══ SOURCE MATERIAL

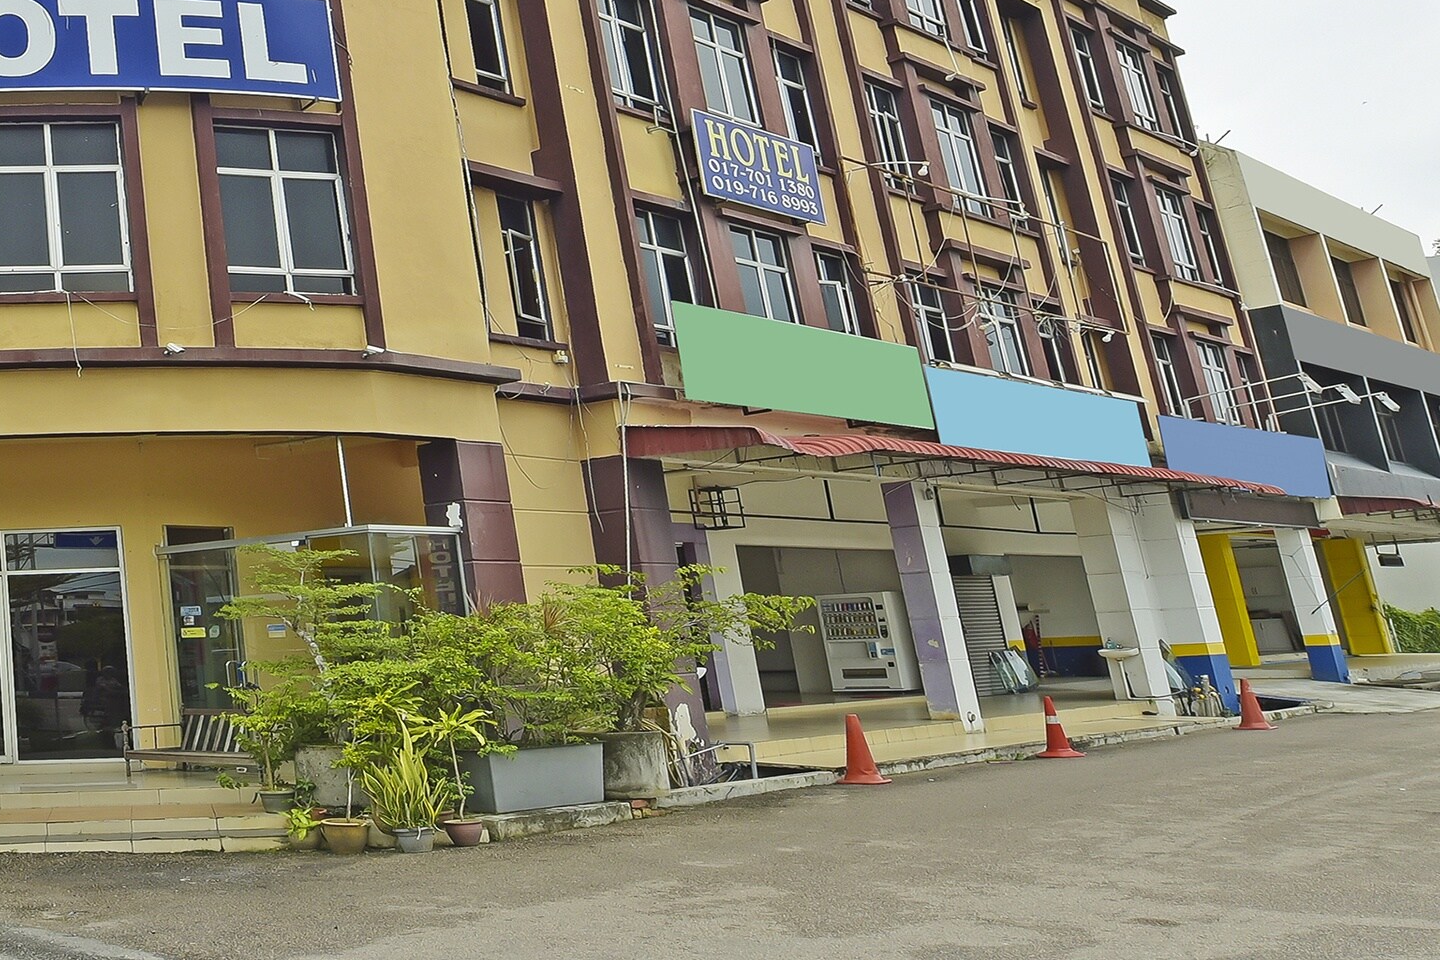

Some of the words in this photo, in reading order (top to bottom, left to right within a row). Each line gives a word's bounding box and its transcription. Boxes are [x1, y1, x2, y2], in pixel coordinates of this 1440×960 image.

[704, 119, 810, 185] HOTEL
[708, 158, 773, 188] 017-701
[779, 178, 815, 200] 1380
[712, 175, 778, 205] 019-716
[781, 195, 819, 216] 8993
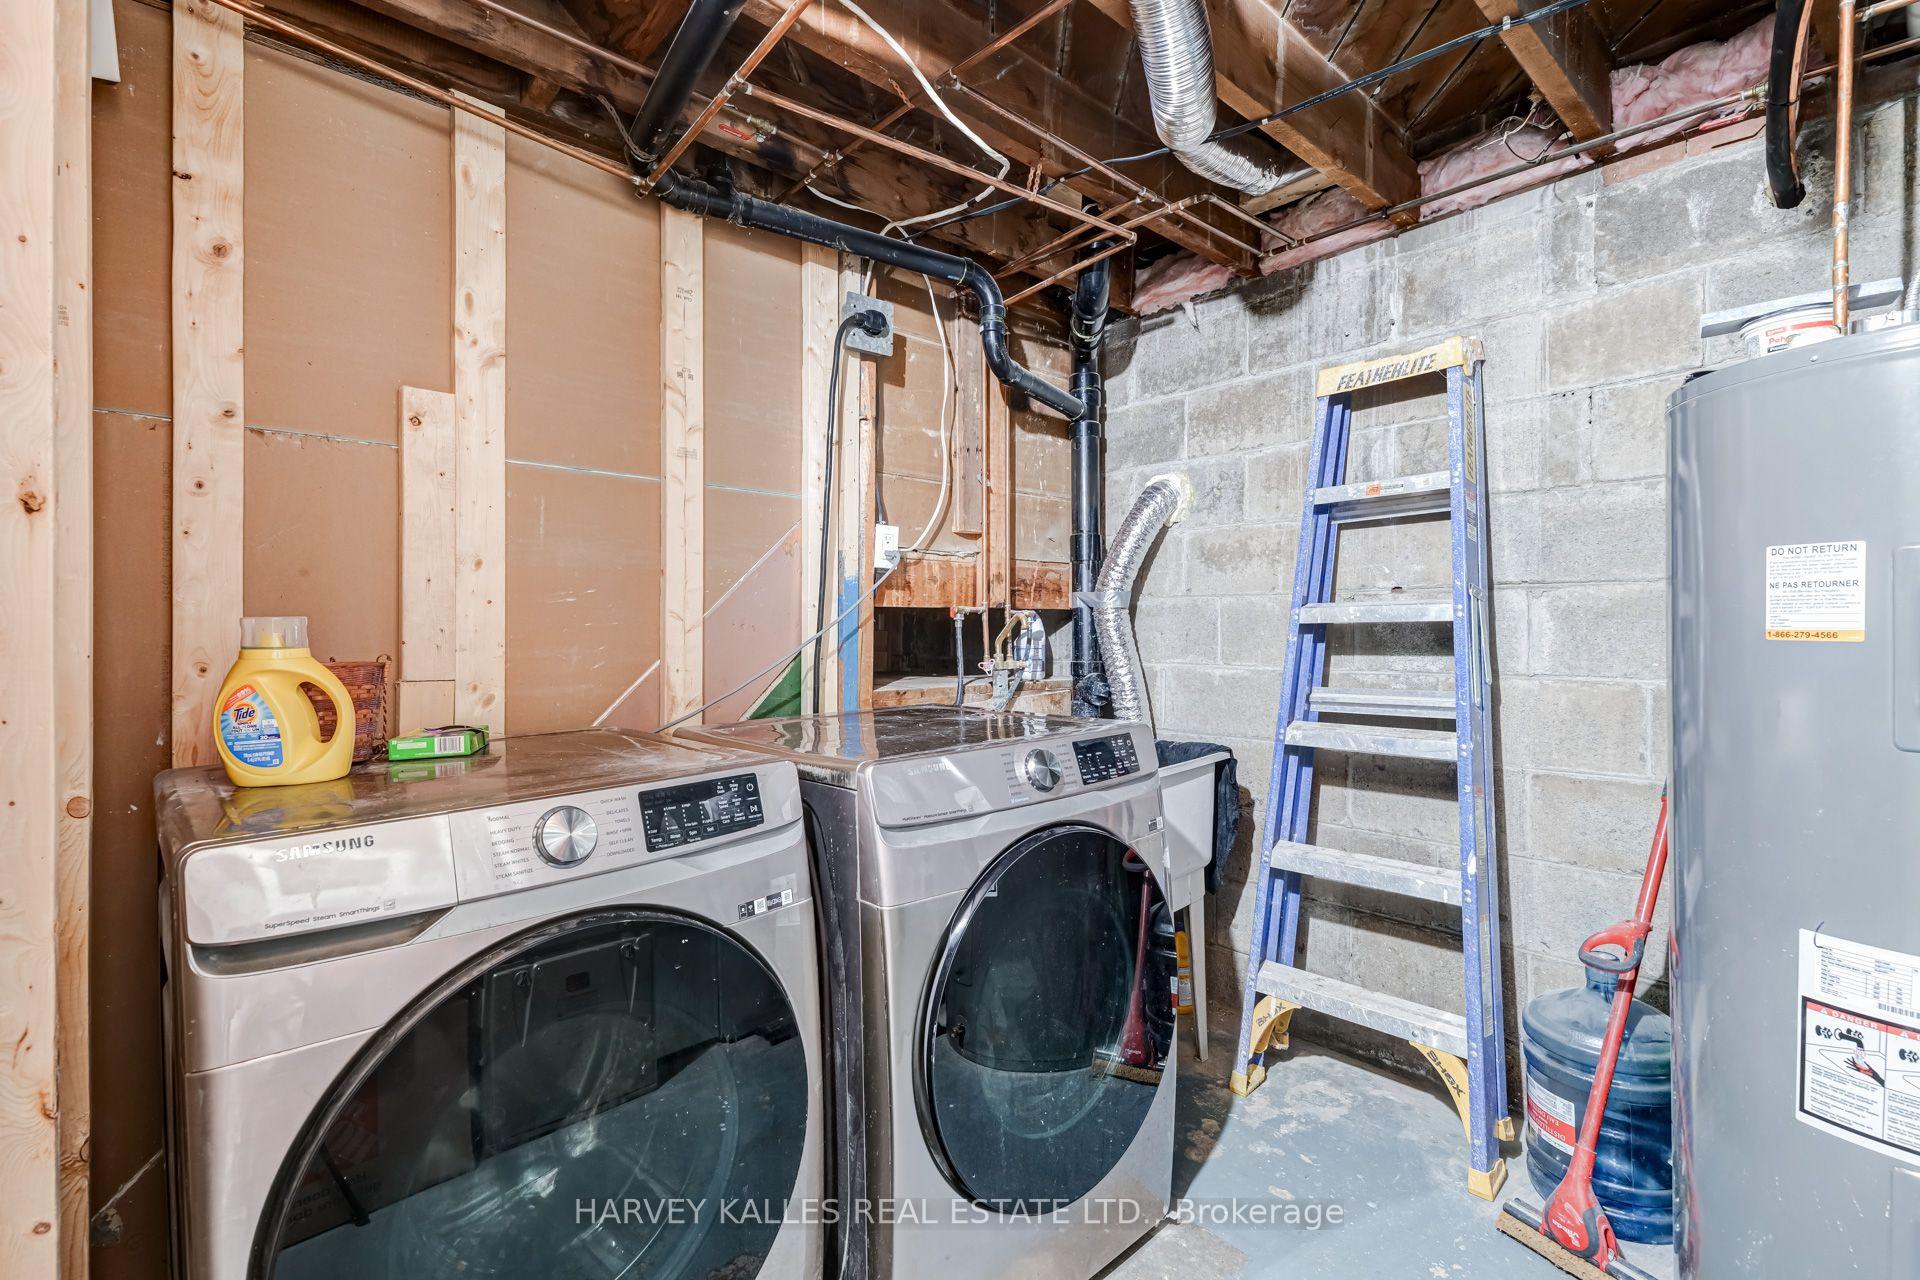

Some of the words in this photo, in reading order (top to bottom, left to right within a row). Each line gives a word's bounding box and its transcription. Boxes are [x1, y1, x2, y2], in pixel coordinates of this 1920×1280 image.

════

▶ **ASSIGNMENT**
Pictures are to be omitted; otherwise, write out the data exactly as it appears.

▶ **RESULT BELOW**
Some of the words in this photo, in reading order (top to bottom, left to right within a row). Each line gives a word's bounding box and its transcription. Boxes are [x1, y1, x2, y2], in pixel coordinates of this 1440×960 image.

[704, 119, 810, 185] HOTEL
[708, 158, 773, 188] 017-701
[779, 178, 815, 200] 1380
[712, 175, 778, 205] 019-716
[781, 195, 819, 216] 8993

Some of the words in this photo, in reading order (top to bottom, left to right within a row). Each line gives a word's bounding box and its transcription. Boxes are [x1, y1, x2, y2], in pixel coordinates of this 1920×1280 image.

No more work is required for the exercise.